TASK PROMPT: Give the data below again exactly as written, without its pictures.

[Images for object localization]
*** Begin section ***

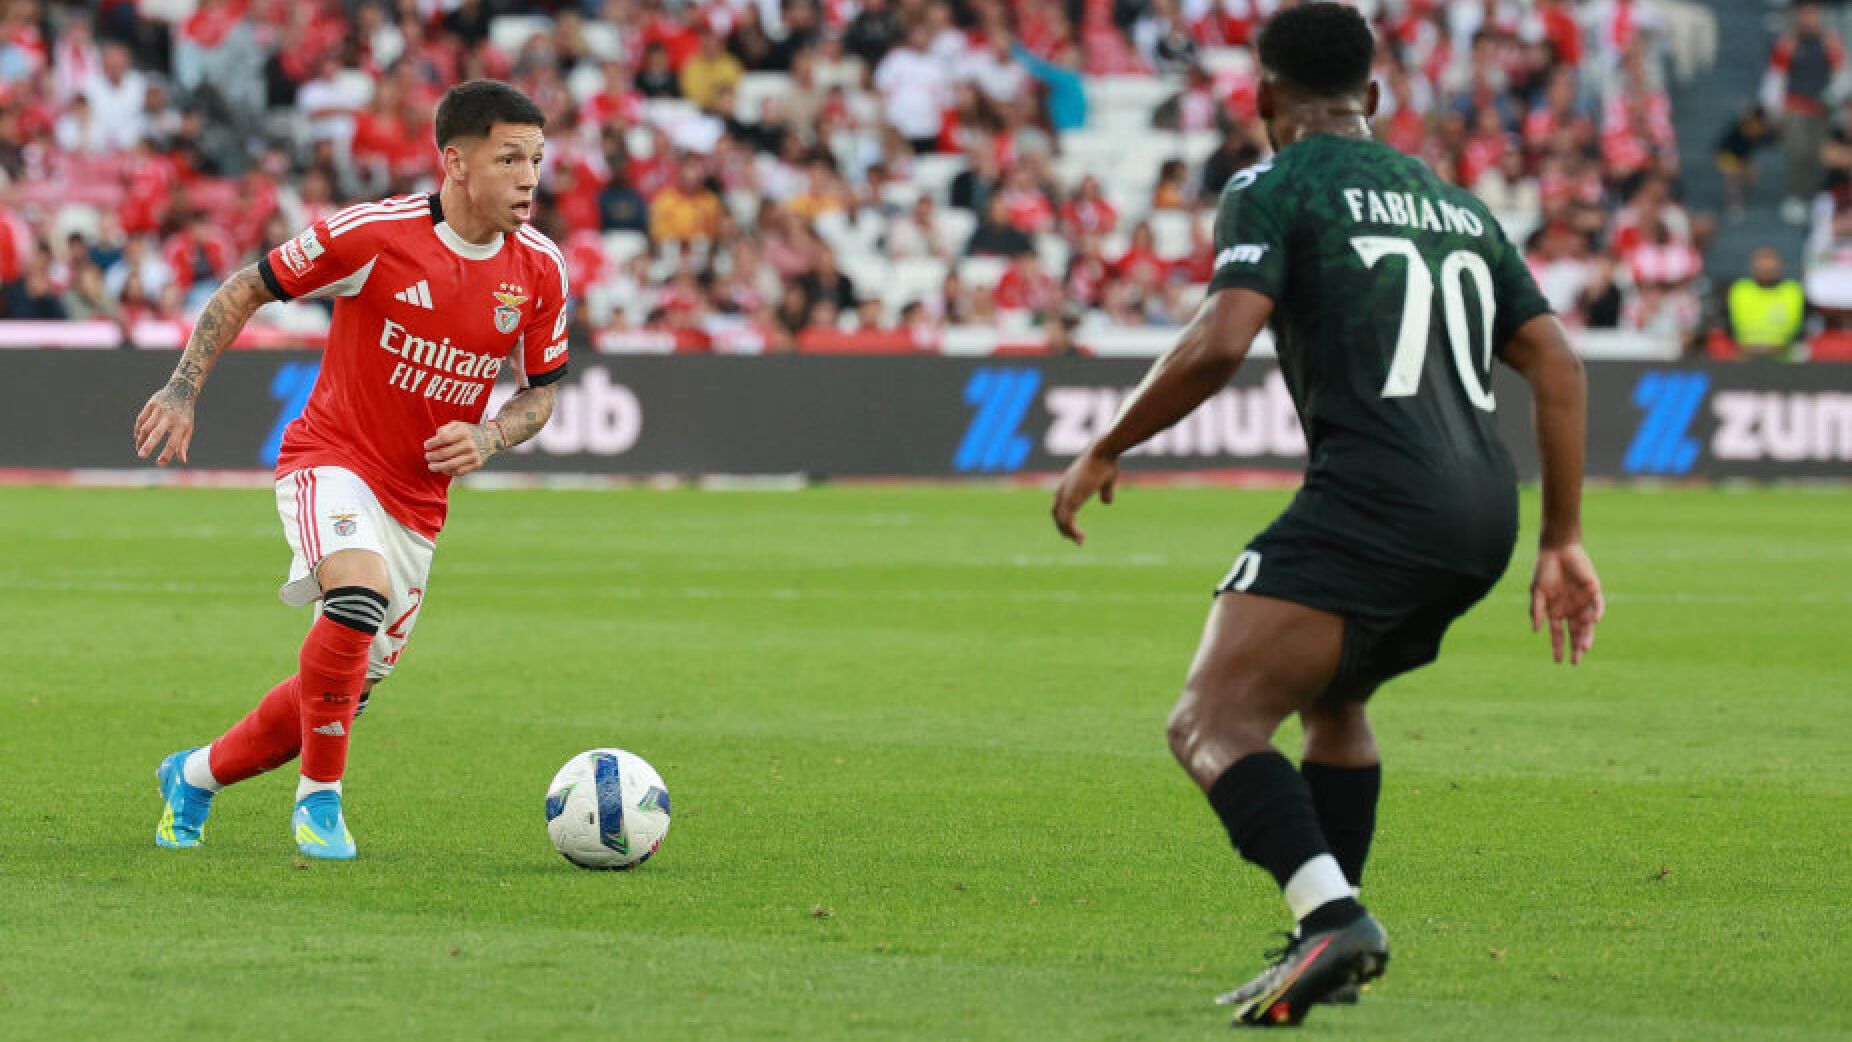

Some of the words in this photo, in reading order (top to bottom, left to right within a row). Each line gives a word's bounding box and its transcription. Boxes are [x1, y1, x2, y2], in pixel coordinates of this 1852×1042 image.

[1343, 187, 1484, 237] FABIANO
[380, 318, 507, 379] Emirate
[1349, 236, 1496, 413] 70
[389, 362, 427, 393] FLY
[424, 374, 485, 406] BETTER

*** End section ***

ANSWER SECTION:
Some of the words in this photo, in reading order (top to bottom, left to right within a row). Each line gives a word's bounding box and its transcription. Boxes are [x1, y1, x2, y2], in pixel coordinates of this 1852×1042 image.

[1343, 187, 1484, 237] FABIANO
[380, 318, 507, 379] Emirate
[1349, 236, 1496, 413] 70
[389, 362, 427, 393] FLY
[424, 374, 485, 406] BETTER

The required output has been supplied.